The synthetic absorbable multifilament thread was used in both groups (Coated VICRYL^® [polyglactin 910], size 0, Ethicon Inc., a Johnson & Johnson Company, Somerville, NJ, USA). In both groups, two single interrupted sutures were applied to both ends of the incision before the first suture layer was applied. Before suturing the uterine wound, the myometrial thickness at the center of the uterine wound on the fundal and cervical sides was measured using a sterilized ruler.

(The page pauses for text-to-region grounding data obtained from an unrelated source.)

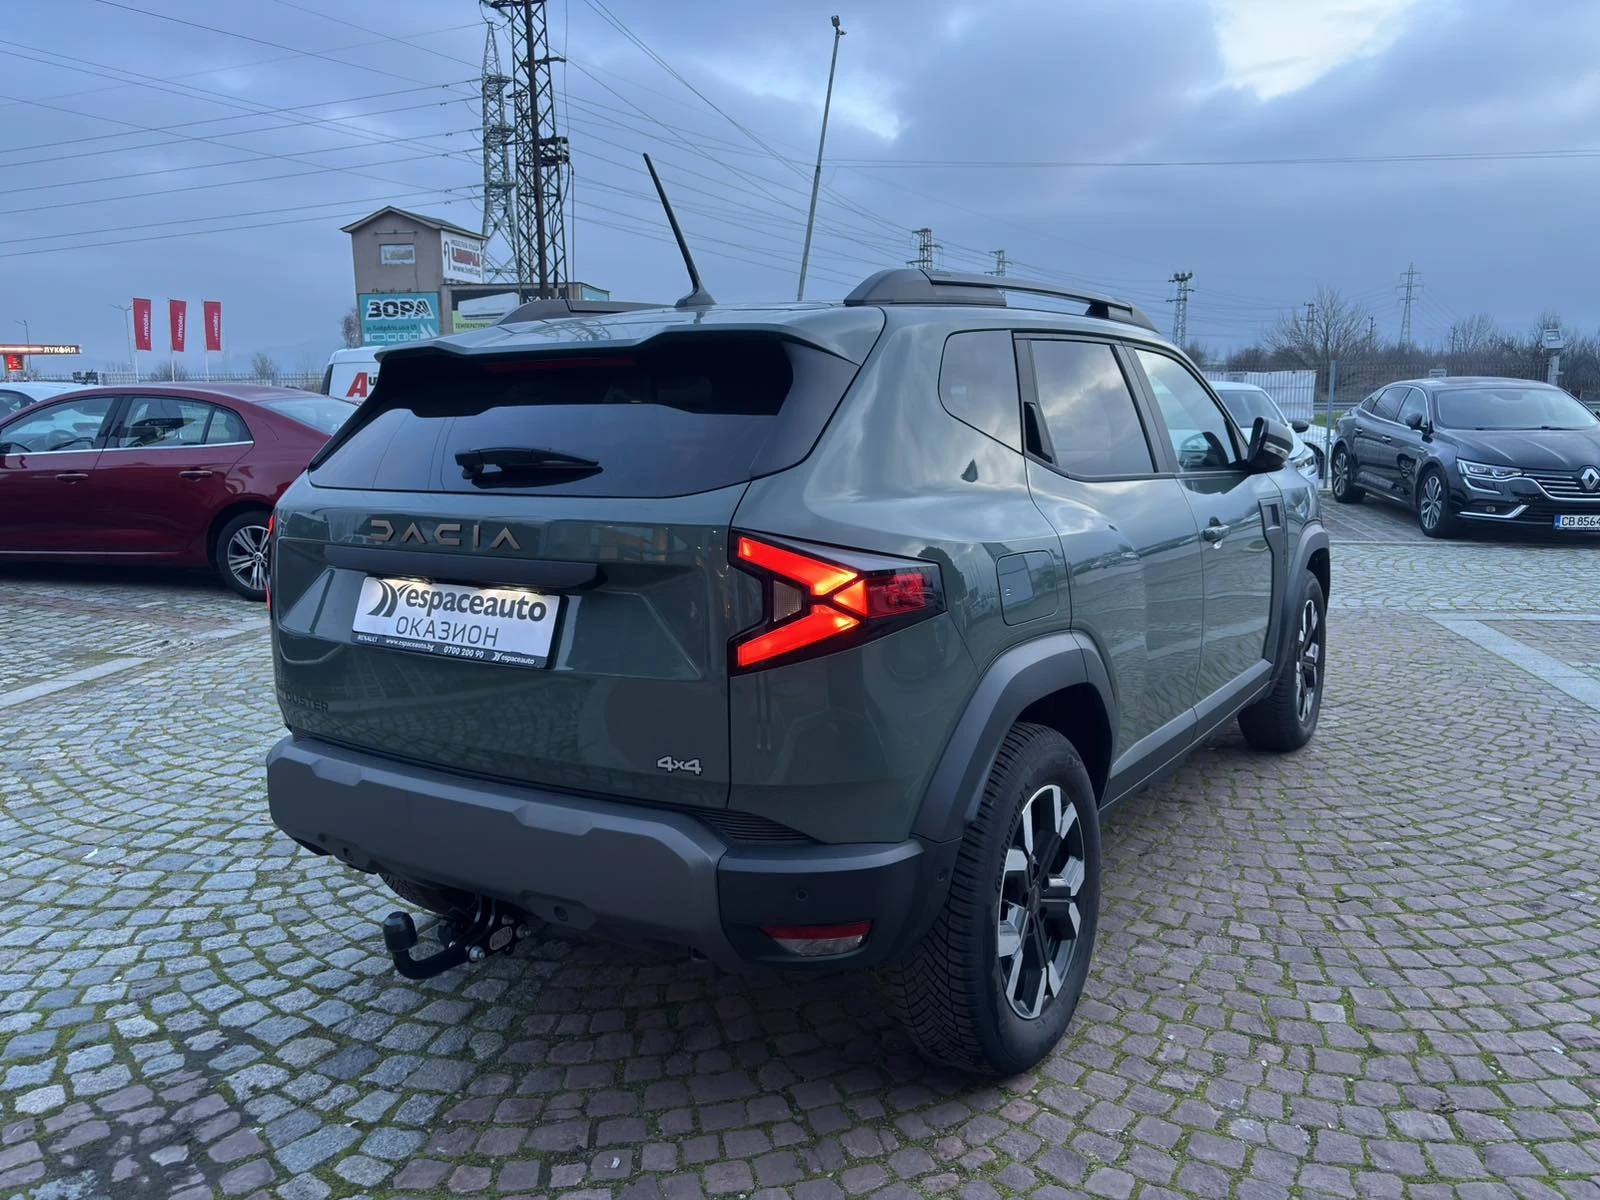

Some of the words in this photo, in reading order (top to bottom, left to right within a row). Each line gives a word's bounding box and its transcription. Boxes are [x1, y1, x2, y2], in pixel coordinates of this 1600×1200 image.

[367, 300, 433, 319] ЗОРА
[1562, 516, 1575, 526] CB
[369, 519, 520, 549] DACIA
[406, 588, 547, 621] espaceauto
[396, 616, 499, 647] ОКАЗИОН
[385, 639, 434, 651] www.espaceauto.bg
[444, 646, 460, 655] 0700
[461, 648, 474, 656] 200
[475, 650, 484, 658] 90
[501, 654, 535, 664] espaceauto
[286, 691, 329, 712] DUSTER
[657, 756, 701, 774] 4x4
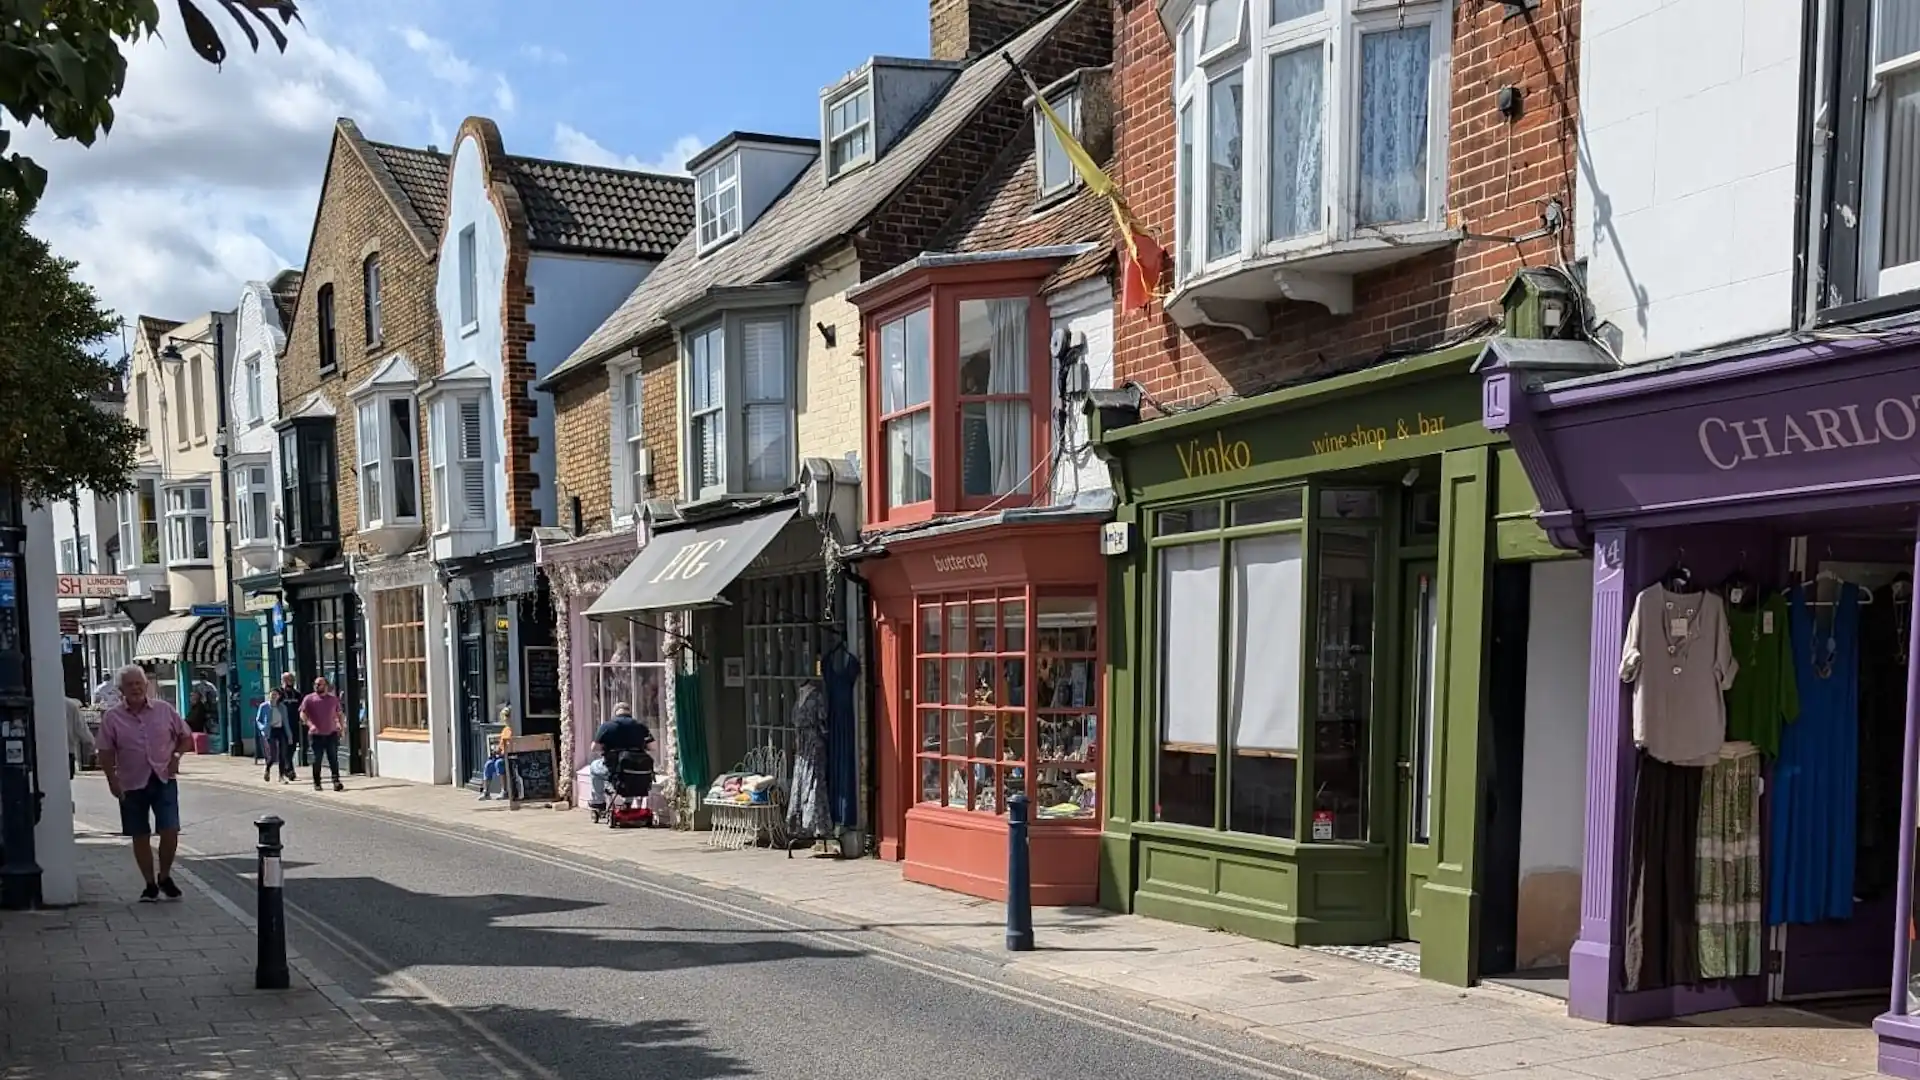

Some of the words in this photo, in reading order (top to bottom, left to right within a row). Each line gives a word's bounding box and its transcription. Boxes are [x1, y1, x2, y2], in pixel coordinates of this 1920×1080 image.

[1176, 430, 1251, 480] Vinko
[1312, 432, 1347, 455] wine
[1350, 423, 1387, 451] shop
[1396, 418, 1410, 440] &
[1417, 412, 1445, 436] bar
[1698, 394, 1920, 470] CHARLO
[932, 553, 988, 573] buttercup
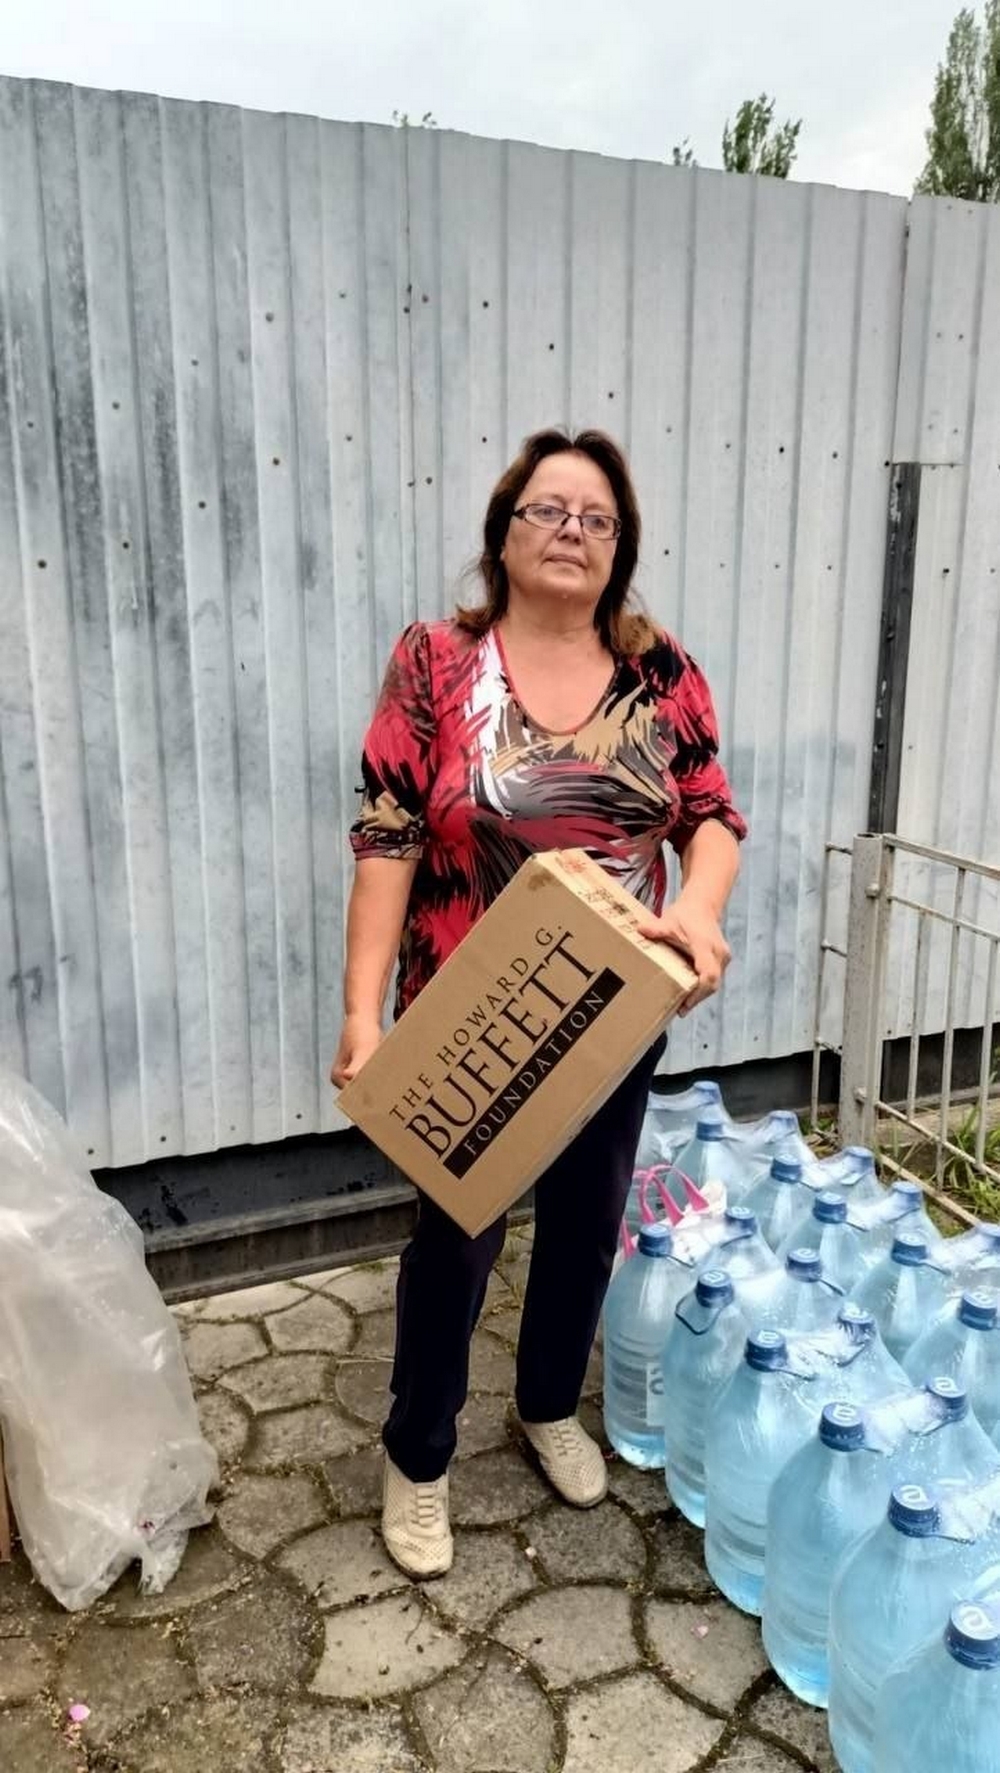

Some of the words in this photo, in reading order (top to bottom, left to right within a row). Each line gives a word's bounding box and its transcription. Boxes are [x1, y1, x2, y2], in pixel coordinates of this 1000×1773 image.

[389, 1072, 434, 1123] THE
[436, 957, 529, 1068] HOWARD
[534, 925, 563, 947] G.
[404, 931, 596, 1159] BUFFETT
[463, 990, 605, 1156] FOUNDATION

The first layer was sutured in the interrupted group using modified Gambee sutures (Fig. 2A) [12]. Next, the second layer was sutured between the knots of the first layer (Fig. 2B). In the continuous group, the first layer, including the slight decidua, was sutured (Fig. 2C). Needles for the second layer were inserted between the first-layer threads (Fig. 2D). After suturing the myometrium, an absorbable anti-adhesion barrier (INTERCEED^®, Ethicon, Johnson & Johnson Company) was attached to the vesicouterine pouch in both groups. Subsequently, the ventral peritoneum, fascia, and dermis were closed. Before starting the trial, the surgeons received a lecture on surgical techniques and were limited to certified specialists from the Japan Society of Obstetrics and Gynecology.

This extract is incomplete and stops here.